> _Problem statement_
For this exercise, write out each entry below exactly as it reads.

___

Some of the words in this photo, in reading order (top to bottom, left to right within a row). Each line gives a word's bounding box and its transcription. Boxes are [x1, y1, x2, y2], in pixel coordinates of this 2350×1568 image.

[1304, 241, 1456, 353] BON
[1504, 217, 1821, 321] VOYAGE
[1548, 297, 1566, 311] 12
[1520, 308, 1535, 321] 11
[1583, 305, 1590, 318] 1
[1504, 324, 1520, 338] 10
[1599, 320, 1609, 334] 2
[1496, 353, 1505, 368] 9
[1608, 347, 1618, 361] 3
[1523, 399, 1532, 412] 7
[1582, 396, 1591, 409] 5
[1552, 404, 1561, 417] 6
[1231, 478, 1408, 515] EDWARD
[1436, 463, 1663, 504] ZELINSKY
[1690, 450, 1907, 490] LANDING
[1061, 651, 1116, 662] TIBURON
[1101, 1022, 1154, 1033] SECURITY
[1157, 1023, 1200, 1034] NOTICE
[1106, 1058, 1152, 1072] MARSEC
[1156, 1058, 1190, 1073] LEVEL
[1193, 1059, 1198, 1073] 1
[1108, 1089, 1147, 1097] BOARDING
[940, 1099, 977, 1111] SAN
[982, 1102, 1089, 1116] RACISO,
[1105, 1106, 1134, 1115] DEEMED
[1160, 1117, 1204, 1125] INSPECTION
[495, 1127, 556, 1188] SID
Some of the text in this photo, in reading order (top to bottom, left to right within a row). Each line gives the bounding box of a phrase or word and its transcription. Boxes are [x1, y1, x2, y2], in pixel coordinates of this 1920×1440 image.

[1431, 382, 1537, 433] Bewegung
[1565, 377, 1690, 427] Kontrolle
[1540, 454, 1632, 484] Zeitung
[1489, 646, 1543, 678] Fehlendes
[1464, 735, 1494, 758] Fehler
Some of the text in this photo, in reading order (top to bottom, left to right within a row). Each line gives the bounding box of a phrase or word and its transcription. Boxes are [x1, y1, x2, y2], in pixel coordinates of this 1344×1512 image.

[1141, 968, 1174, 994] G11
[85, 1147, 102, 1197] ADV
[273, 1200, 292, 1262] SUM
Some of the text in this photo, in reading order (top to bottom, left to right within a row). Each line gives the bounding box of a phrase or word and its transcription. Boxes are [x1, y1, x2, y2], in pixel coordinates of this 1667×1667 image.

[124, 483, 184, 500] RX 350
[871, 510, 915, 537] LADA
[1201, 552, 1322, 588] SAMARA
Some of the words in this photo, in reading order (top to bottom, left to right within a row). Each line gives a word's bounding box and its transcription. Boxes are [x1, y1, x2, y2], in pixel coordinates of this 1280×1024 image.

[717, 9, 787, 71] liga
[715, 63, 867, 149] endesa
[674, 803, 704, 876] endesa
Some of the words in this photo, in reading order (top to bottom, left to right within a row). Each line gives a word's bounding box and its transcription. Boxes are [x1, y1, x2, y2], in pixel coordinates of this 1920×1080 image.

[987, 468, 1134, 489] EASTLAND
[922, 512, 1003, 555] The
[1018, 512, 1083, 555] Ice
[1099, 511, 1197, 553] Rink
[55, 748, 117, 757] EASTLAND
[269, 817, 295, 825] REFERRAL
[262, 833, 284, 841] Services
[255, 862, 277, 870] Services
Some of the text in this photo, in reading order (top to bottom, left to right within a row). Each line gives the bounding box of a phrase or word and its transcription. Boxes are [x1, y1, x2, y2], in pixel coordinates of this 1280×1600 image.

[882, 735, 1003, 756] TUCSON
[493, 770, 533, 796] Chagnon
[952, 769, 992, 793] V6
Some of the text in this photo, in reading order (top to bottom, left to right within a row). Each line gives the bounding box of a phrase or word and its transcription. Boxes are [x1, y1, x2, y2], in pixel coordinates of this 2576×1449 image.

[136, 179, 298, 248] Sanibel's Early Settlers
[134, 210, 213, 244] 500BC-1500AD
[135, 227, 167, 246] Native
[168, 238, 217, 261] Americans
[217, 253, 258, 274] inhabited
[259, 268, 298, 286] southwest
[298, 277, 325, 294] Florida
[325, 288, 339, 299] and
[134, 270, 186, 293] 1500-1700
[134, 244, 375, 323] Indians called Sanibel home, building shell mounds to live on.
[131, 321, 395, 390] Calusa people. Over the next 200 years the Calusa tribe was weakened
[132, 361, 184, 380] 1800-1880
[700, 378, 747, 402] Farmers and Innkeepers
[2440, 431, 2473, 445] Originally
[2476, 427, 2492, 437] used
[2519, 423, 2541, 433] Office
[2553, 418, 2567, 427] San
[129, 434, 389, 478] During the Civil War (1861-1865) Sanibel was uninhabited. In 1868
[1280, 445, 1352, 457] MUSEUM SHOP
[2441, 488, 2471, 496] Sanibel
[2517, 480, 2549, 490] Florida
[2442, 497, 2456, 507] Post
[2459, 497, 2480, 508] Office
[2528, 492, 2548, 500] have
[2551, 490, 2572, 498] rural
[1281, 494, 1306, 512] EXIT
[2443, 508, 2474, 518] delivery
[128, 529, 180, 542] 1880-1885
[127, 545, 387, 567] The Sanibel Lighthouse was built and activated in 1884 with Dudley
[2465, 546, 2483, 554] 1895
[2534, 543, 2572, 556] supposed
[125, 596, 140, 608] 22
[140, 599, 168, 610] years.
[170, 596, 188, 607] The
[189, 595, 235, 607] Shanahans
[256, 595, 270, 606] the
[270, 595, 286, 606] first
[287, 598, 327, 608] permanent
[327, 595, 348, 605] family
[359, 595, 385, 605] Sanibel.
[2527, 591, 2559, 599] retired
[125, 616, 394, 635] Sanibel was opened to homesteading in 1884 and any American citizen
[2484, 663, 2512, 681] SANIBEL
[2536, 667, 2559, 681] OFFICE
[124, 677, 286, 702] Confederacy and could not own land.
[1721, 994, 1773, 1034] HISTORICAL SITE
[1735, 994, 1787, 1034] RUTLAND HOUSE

___

> _Reply_
Some of the words in this photo, in reading order (top to bottom, left to right within a row). Each line gives a word's bounding box and its transcription. Boxes are [x1, y1, x2, y2], in pixel coordinates of this 2350×1568 image.

[1304, 241, 1456, 353] BON
[1504, 217, 1821, 321] VOYAGE
[1548, 297, 1566, 311] 12
[1520, 308, 1535, 321] 11
[1583, 305, 1590, 318] 1
[1504, 324, 1520, 338] 10
[1599, 320, 1609, 334] 2
[1496, 353, 1505, 368] 9
[1608, 347, 1618, 361] 3
[1523, 399, 1532, 412] 7
[1582, 396, 1591, 409] 5
[1552, 404, 1561, 417] 6
[1231, 478, 1408, 515] EDWARD
[1436, 463, 1663, 504] ZELINSKY
[1690, 450, 1907, 490] LANDING
[1061, 651, 1116, 662] TIBURON
[1101, 1022, 1154, 1033] SECURITY
[1157, 1023, 1200, 1034] NOTICE
[1106, 1058, 1152, 1072] MARSEC
[1156, 1058, 1190, 1073] LEVEL
[1193, 1059, 1198, 1073] 1
[1108, 1089, 1147, 1097] BOARDING
[940, 1099, 977, 1111] SAN
[982, 1102, 1089, 1116] RACISO,
[1105, 1106, 1134, 1115] DEEMED
[1160, 1117, 1204, 1125] INSPECTION
[495, 1127, 556, 1188] SID
Some of the text in this photo, in reading order (top to bottom, left to right within a row). Each line gives the bounding box of a phrase or word and its transcription. Boxes are [x1, y1, x2, y2], in pixel coordinates of this 1920×1440 image.

[1431, 382, 1537, 433] Bewegung
[1565, 377, 1690, 427] Kontrolle
[1540, 454, 1632, 484] Zeitung
[1489, 646, 1543, 678] Fehlendes
[1464, 735, 1494, 758] Fehler
Some of the text in this photo, in reading order (top to bottom, left to right within a row). Each line gives the bounding box of a phrase or word and its transcription. Boxes are [x1, y1, x2, y2], in pixel coordinates of this 1344×1512 image.

[1141, 968, 1174, 994] G11
[85, 1147, 102, 1197] ADV
[273, 1200, 292, 1262] SUM
Some of the text in this photo, in reading order (top to bottom, left to right within a row). Each line gives the bounding box of a phrase or word and its transcription. Boxes are [x1, y1, x2, y2], in pixel coordinates of this 1667×1667 image.

[124, 483, 184, 500] RX 350
[871, 510, 915, 537] LADA
[1201, 552, 1322, 588] SAMARA
Some of the words in this photo, in reading order (top to bottom, left to right within a row). Each line gives a word's bounding box and its transcription. Boxes are [x1, y1, x2, y2], in pixel coordinates of this 1280×1024 image.

[717, 9, 787, 71] liga
[715, 63, 867, 149] endesa
[674, 803, 704, 876] endesa
Some of the words in this photo, in reading order (top to bottom, left to right within a row). Each line gives a word's bounding box and its transcription. Boxes are [x1, y1, x2, y2], in pixel coordinates of this 1920×1080 image.

[987, 468, 1134, 489] EASTLAND
[922, 512, 1003, 555] The
[1018, 512, 1083, 555] Ice
[1099, 511, 1197, 553] Rink
[55, 748, 117, 757] EASTLAND
[269, 817, 295, 825] REFERRAL
[262, 833, 284, 841] Services
[255, 862, 277, 870] Services
Some of the text in this photo, in reading order (top to bottom, left to right within a row). Each line gives the bounding box of a phrase or word and its transcription. Boxes are [x1, y1, x2, y2], in pixel coordinates of this 1280×1600 image.

[882, 735, 1003, 756] TUCSON
[493, 770, 533, 796] Chagnon
[952, 769, 992, 793] V6
Some of the text in this photo, in reading order (top to bottom, left to right within a row). Each line gives the bounding box of a phrase or word and its transcription. Boxes are [x1, y1, x2, y2], in pixel coordinates of this 2576×1449 image.

[136, 179, 298, 248] Sanibel's Early Settlers
[134, 210, 213, 244] 500BC-1500AD
[135, 227, 167, 246] Native
[168, 238, 217, 261] Americans
[217, 253, 258, 274] inhabited
[259, 268, 298, 286] southwest
[298, 277, 325, 294] Florida
[325, 288, 339, 299] and
[134, 270, 186, 293] 1500-1700
[134, 244, 375, 323] Indians called Sanibel home, building shell mounds to live on.
[131, 321, 395, 390] Calusa people. Over the next 200 years the Calusa tribe was weakened
[132, 361, 184, 380] 1800-1880
[700, 378, 747, 402] Farmers and Innkeepers
[2440, 431, 2473, 445] Originally
[2476, 427, 2492, 437] used
[2519, 423, 2541, 433] Office
[2553, 418, 2567, 427] San
[129, 434, 389, 478] During the Civil War (1861-1865) Sanibel was uninhabited. In 1868
[1280, 445, 1352, 457] MUSEUM SHOP
[2441, 488, 2471, 496] Sanibel
[2517, 480, 2549, 490] Florida
[2442, 497, 2456, 507] Post
[2459, 497, 2480, 508] Office
[2528, 492, 2548, 500] have
[2551, 490, 2572, 498] rural
[1281, 494, 1306, 512] EXIT
[2443, 508, 2474, 518] delivery
[128, 529, 180, 542] 1880-1885
[127, 545, 387, 567] The Sanibel Lighthouse was built and activated in 1884 with Dudley
[2465, 546, 2483, 554] 1895
[2534, 543, 2572, 556] supposed
[125, 596, 140, 608] 22
[140, 599, 168, 610] years.
[170, 596, 188, 607] The
[189, 595, 235, 607] Shanahans
[256, 595, 270, 606] the
[270, 595, 286, 606] first
[287, 598, 327, 608] permanent
[327, 595, 348, 605] family
[359, 595, 385, 605] Sanibel.
[2527, 591, 2559, 599] retired
[125, 616, 394, 635] Sanibel was opened to homesteading in 1884 and any American citizen
[2484, 663, 2512, 681] SANIBEL
[2536, 667, 2559, 681] OFFICE
[124, 677, 286, 702] Confederacy and could not own land.
[1721, 994, 1773, 1034] HISTORICAL SITE
[1735, 994, 1787, 1034] RUTLAND HOUSE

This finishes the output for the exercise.